I am the Director of Development and Communications in a nonprofit, civil rights law firm in Philadelphia and mother of two children. Like many mothers in Philadelphia, I have relied on public transit as our main form of transportation. Over the past decade I have relied on public transit to get myself to work, and my children to their various activities including school and doctor’s appointments, and use transit to shop for our family’s needs. My husband and I own a car which he mainly uses to commute over 20 miles every day to work in NE Philadelphia. His job location lacks frequent and reliable public transportation access, especially to accommodate his work schedules which require non-traditional 9-5 hours. As the parent with more flexible job hours, I’ve always been in charge of getting our kids to daycare and then school. 

Getting a second car is not doable for us or our family for several reasons but especially financially. Living in a city the cost of car ownership and storage is just a burden we cannot take on. 

Transit has been a very central part of our lives. It’s such a vital part of how we move around the city.
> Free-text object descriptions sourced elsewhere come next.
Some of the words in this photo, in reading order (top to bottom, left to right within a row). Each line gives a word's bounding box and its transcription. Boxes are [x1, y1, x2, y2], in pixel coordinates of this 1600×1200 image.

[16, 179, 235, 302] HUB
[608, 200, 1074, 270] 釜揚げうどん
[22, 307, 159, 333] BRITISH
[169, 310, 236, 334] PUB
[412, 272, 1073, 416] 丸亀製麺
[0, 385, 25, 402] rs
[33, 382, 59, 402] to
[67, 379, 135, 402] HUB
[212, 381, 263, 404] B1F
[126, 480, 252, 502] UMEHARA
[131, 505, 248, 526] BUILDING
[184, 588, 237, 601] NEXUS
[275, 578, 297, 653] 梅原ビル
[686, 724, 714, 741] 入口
When my children were very young we lived in Northwest Philadelphia and to get my children to daycare it required me to take a bus on a highway every day with a toddler and infant. We would be burdened by car traffic on this route, often all three of us were forced to stand because of how overcrowded the bus could get. Often this 20-minute trip would take over an hour. Although my children are older now, public transit continues to be vital to how we travel in the city. They have begun to learn how to take transit by themselves to places like after-school activities. 

I live a mile and a half from Center City, so not very far. While everything in Philadelphia might be 20 minutes away, I always try to plan that it takes me a full hour to get anywhere to make sure I’m not late to appointments. I can’t always rely upon the fact that buses, particularly in Philadelphia, will be where I need them to be at the right time.
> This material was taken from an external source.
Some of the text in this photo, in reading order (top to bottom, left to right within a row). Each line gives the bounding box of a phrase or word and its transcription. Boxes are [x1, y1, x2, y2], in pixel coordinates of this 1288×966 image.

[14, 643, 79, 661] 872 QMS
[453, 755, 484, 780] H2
A typical day for me includes dropping my children off at school and heading to my job in Center City. My job requires me to transverse the city throughout the week and I take public transit to get to where I need to go. Later in the evening, I choose to take the subway or the 45 bus back to my home. 

While we have many positive experiences on transit, the fact that busses are often not on time has really impacted my life too. For example, while I was working in West Philly I planned to meet my husband in South Philly for our children’s doctor’s appointment. I was waiting for the 40 bus on Lancaster Ave, which was a direct route from where I worked at 40th and Lancaster to where I was going to Second and South. This bus has a pretty long route, and it is often infrequent and not on time. I had given myself a whole hour and a half to get there and left work early to do so. By the time the bus came however their doctor’s appointment was over. Once I got on the bus, it was overcrowded because it had been so late, which is a frequent issue on this route. It would have been quicker for me to take a trolley to a subway and then walk 14 blocks. I remember talking to my boss and saying, “I had to leave work early to do this,” and I couldn’t even get there.
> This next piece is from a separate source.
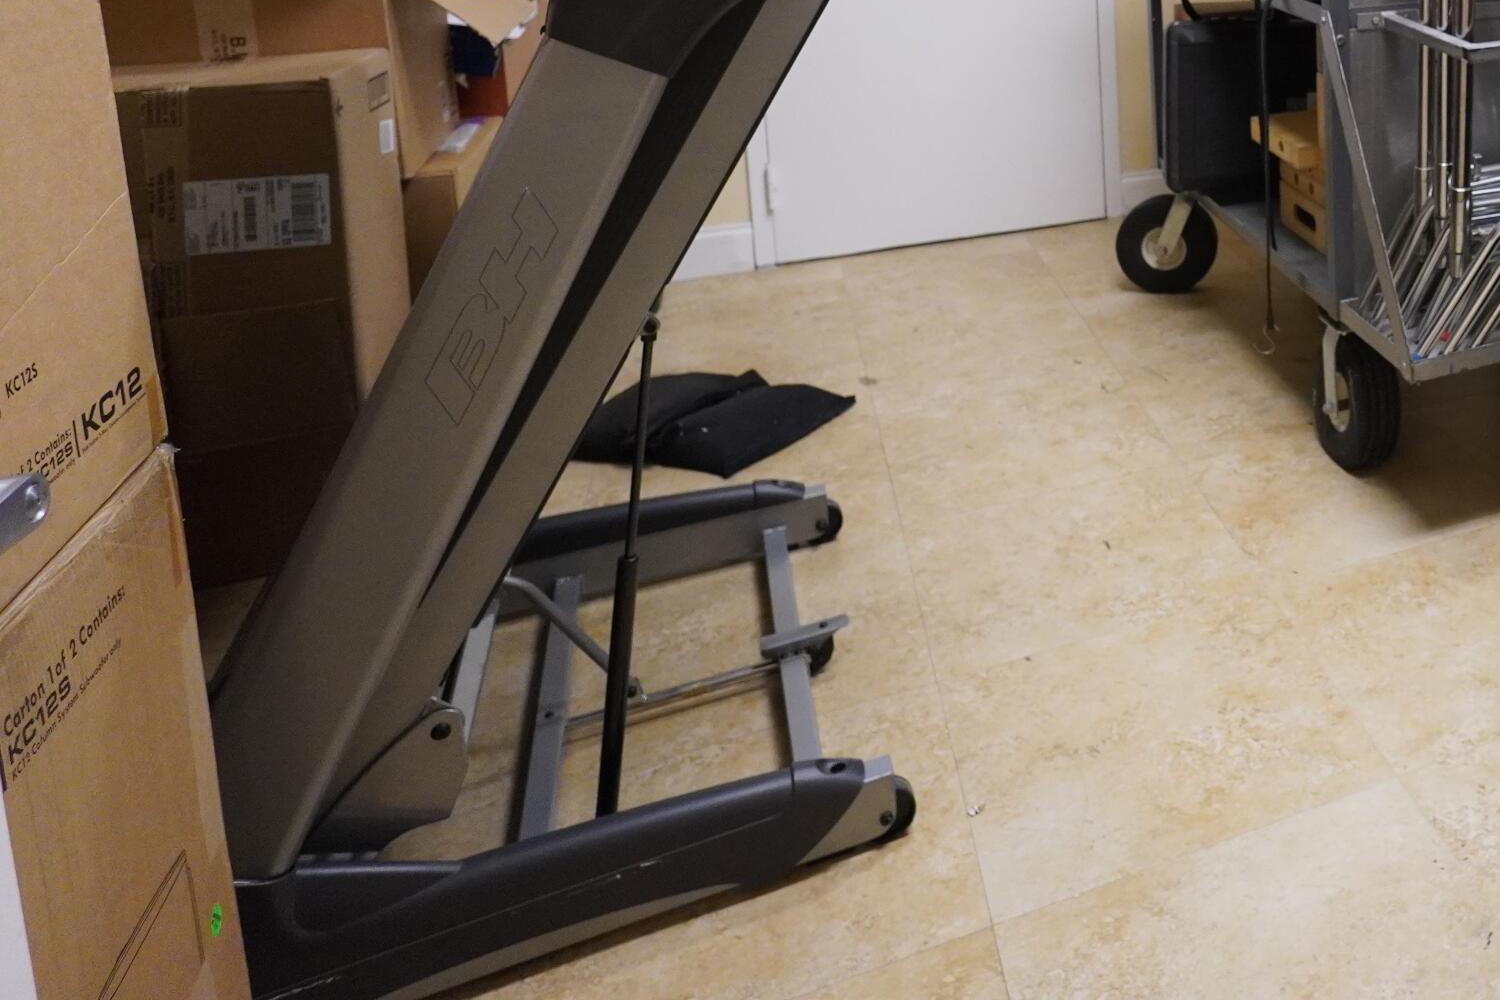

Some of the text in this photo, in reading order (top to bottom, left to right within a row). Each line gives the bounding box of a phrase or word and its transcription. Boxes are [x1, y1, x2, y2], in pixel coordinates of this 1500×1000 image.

For parents, another problem is buses in Philadelphia are not equipped to carry strollers. The requirement here is that you have to fold up the stroller before getting on the bus. Trying to hold a child, fold down a stroller, and get on a bus is difficult, to say the least. Making sure that our fleets are equipped to serve the people who are using them, such as mothers with children, but we need the funding to do that. On top of that, many of our subway stations are not ADA accessible as they lack elevators. Making sure that our subways have elevators is important when traveling with my friends and family members who have mobility issues or young children with them. Our trolleys, which are an amazing legacy system, are not modernized. They too are not ADA accessible. So again, it’s problematic for both folks with disabilities and for parents with young children to use them. Without a surge of federal funding, a lot of these projects are never going to move and we’re never going to have ADA stations that are equipped for families and folks with disabilities. 

Philadelphia, like so many of our communities, needs funding because even though the transit system is pretty good, it ultimately is not accessible or frequent enough to best serve our neighborhoods.  

About Transit Stories

Transit Stories” is a series of real-life experiences with public transit in the U.S. We feature the first-hand experience of public transit riders from across the country. From large cities to small towns, we will document the experiences of the millions of users of busses, trains, ferries, and other forms of public transit in the US. Public transit is essential to our communities, to cooling the planet, to advancing equity. Transit is essential to our very lives.

There is a unique opportunity for the country to make a historic investment in public transit funding to help the country build back better.